## WHAT THIS TASK INVOLVES
Every entry should be repeated exactly as written.

(Stored records)
╔══

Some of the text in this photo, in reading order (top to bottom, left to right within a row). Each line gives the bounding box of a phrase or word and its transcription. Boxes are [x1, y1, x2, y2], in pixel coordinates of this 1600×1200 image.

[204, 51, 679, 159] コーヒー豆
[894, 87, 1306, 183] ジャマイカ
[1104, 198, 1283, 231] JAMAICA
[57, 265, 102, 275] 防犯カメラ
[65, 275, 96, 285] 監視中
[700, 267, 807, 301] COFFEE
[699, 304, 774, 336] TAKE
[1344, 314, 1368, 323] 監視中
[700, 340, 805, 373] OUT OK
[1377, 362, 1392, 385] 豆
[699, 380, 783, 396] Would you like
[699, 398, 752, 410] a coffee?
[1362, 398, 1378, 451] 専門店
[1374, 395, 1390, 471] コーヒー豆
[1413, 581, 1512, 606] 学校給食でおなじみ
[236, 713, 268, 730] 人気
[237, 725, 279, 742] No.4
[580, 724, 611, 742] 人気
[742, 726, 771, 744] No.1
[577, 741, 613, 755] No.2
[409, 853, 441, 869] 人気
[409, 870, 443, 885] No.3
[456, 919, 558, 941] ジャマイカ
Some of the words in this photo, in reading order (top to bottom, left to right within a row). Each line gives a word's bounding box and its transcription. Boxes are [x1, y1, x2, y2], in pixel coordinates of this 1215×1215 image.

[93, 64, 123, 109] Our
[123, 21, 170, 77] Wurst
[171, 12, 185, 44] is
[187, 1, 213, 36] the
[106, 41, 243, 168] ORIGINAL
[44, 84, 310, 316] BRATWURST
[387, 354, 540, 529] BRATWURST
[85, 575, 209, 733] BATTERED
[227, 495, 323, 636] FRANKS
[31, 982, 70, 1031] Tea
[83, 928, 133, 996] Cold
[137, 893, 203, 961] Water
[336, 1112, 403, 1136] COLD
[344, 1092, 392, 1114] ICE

╚══

## TASK SOLUTION
Some of the text in this photo, in reading order (top to bottom, left to right within a row). Each line gives the bounding box of a phrase or word and its transcription. Boxes are [x1, y1, x2, y2], in pixel coordinates of this 1600×1200 image.

[204, 51, 679, 159] コーヒー豆
[894, 87, 1306, 183] ジャマイカ
[1104, 198, 1283, 231] JAMAICA
[57, 265, 102, 275] 防犯カメラ
[65, 275, 96, 285] 監視中
[700, 267, 807, 301] COFFEE
[699, 304, 774, 336] TAKE
[1344, 314, 1368, 323] 監視中
[700, 340, 805, 373] OUT OK
[1377, 362, 1392, 385] 豆
[699, 380, 783, 396] Would you like
[699, 398, 752, 410] a coffee?
[1362, 398, 1378, 451] 専門店
[1374, 395, 1390, 471] コーヒー豆
[1413, 581, 1512, 606] 学校給食でおなじみ
[236, 713, 268, 730] 人気
[237, 725, 279, 742] No.4
[580, 724, 611, 742] 人気
[742, 726, 771, 744] No.1
[577, 741, 613, 755] No.2
[409, 853, 441, 869] 人気
[409, 870, 443, 885] No.3
[456, 919, 558, 941] ジャマイカ
Some of the words in this photo, in reading order (top to bottom, left to right within a row). Each line gives a word's bounding box and its transcription. Boxes are [x1, y1, x2, y2], in pixel coordinates of this 1215×1215 image.

[93, 64, 123, 109] Our
[123, 21, 170, 77] Wurst
[171, 12, 185, 44] is
[187, 1, 213, 36] the
[106, 41, 243, 168] ORIGINAL
[44, 84, 310, 316] BRATWURST
[387, 354, 540, 529] BRATWURST
[85, 575, 209, 733] BATTERED
[227, 495, 323, 636] FRANKS
[31, 982, 70, 1031] Tea
[83, 928, 133, 996] Cold
[137, 893, 203, 961] Water
[336, 1112, 403, 1136] COLD
[344, 1092, 392, 1114] ICE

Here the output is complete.